Pierrick Rakotoharisoa

Personal information
- Date of birth: 4 June 1991 (age 33)
- Place of birth: Sainte-Adresse, France
- Height: 1.74 m (5 ft 9 in)
- Position(s): Midfielder

Team information
- Current team: Quevilly

Youth career
- 1997–2002: Union Fontainaise
- 2002–2009: Le Havre

Senior career*
- Years: Team / Apps / (Gls)
- 2009–: Le Havre / 9 / (0)
- 2010–: Le Havre B / 72 / (3)
- 2012–2013: → Quevilly (loan) / 32 / (1)

International career^{‡}
- 2006–2007: France U16 / 2 / (0)
- 2008–2009: France U18 / 2 / (0)
- 2010: France U19 / 1 / (0)
- 2011: France U20 / 2 / (0)

= Pierrick Rakotoharisoa =

French association football player (born 1991)

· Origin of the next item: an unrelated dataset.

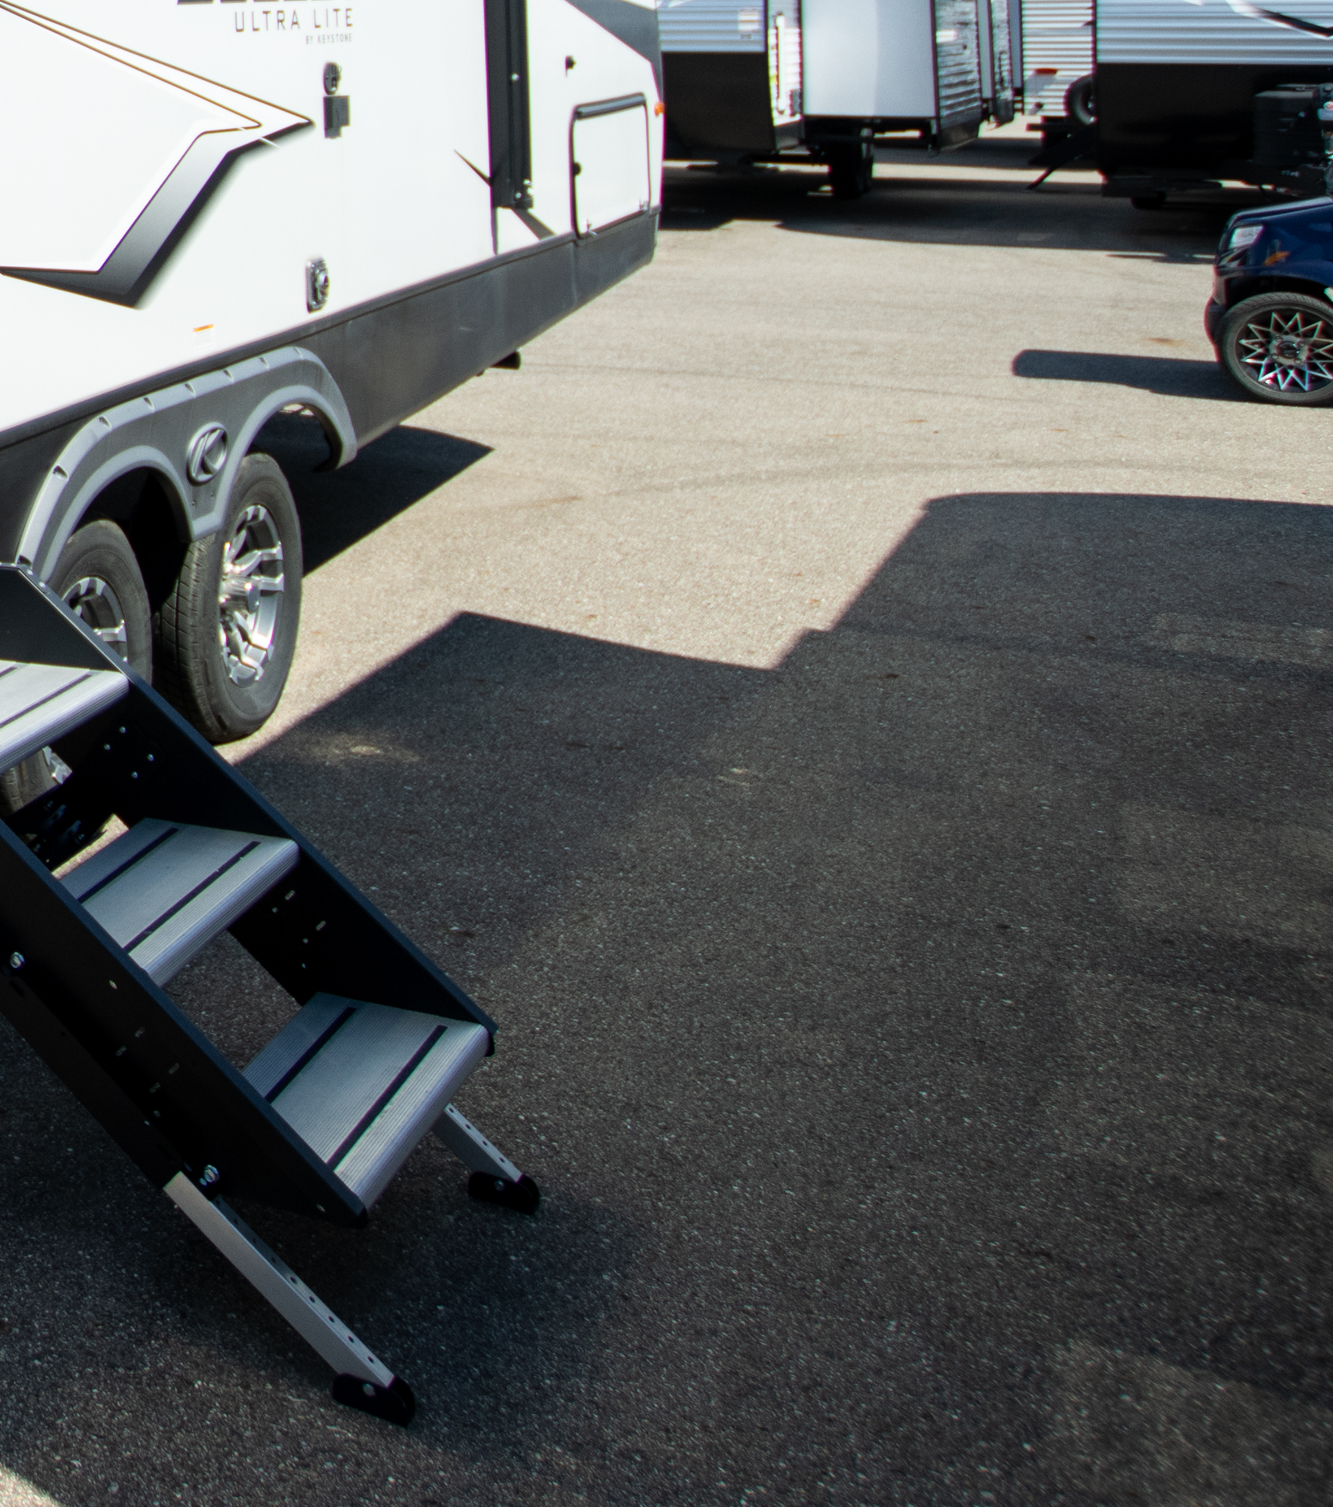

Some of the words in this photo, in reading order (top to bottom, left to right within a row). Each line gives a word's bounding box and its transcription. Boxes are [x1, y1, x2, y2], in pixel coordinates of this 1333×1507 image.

[234, 9, 300, 32] ULTRA
[313, 7, 353, 29] LITE
[306, 35, 313, 45] BY
[317, 33, 352, 44] KEYSTONE

Pierrick Rakotoharisoa (born 4 June 1991) is a French football player of Malagasy descent who currently plays for French club US Quevilly in Championnat National, on loan from Le Havre in Ligue 2. Rakotoharisoa is a France youth international having earned limited caps with the under-16 and under-18 teams. He plays as an attacking midfielder.

==Football career==
Rakotoharisoa began his career, at age 6, playing for his hometown club Union Fontainaise Foot in the commune of Fontaine-la-Mallet. Union Fontainaise serves as a local feeder club for Le Havre. Following a five-year stint at the club, he transferred to Le Havre and began playing in the club's youth academy. While at the academy, Rakotoharisoa divided his time between football and education starring for Le Havre's under-16 team and also attending Jeanne d'Arc de Saint-Adresse, a high school in his hometown. Rakotoharisoa excelled on the youth level for Le Havre. He was a member of both the 2007–08 and 2008–09 Le Havre under-18 sides that reached the semi-finals of the Coupe Gambardella. For the 2008–09 season, despite being only 17 years old, he was promoted to the club's Championnat de France amateur team. He made 18 total appearances with the CFA team scoring no goals.

Rakotoharisoa was given the opportunity to train with the senior team for the 2009–10 season, though he was still limited to playing in the reserves. After appearing on the bench for several matches during the season, he finally made his debut on 27 November 2009 in a 1–0 victory over AC Ajaccio coming on as a substitute in the 85th minute. The following week, against Caen, he appeared as a late match substitute again, though Le Havre lost the match 0–2.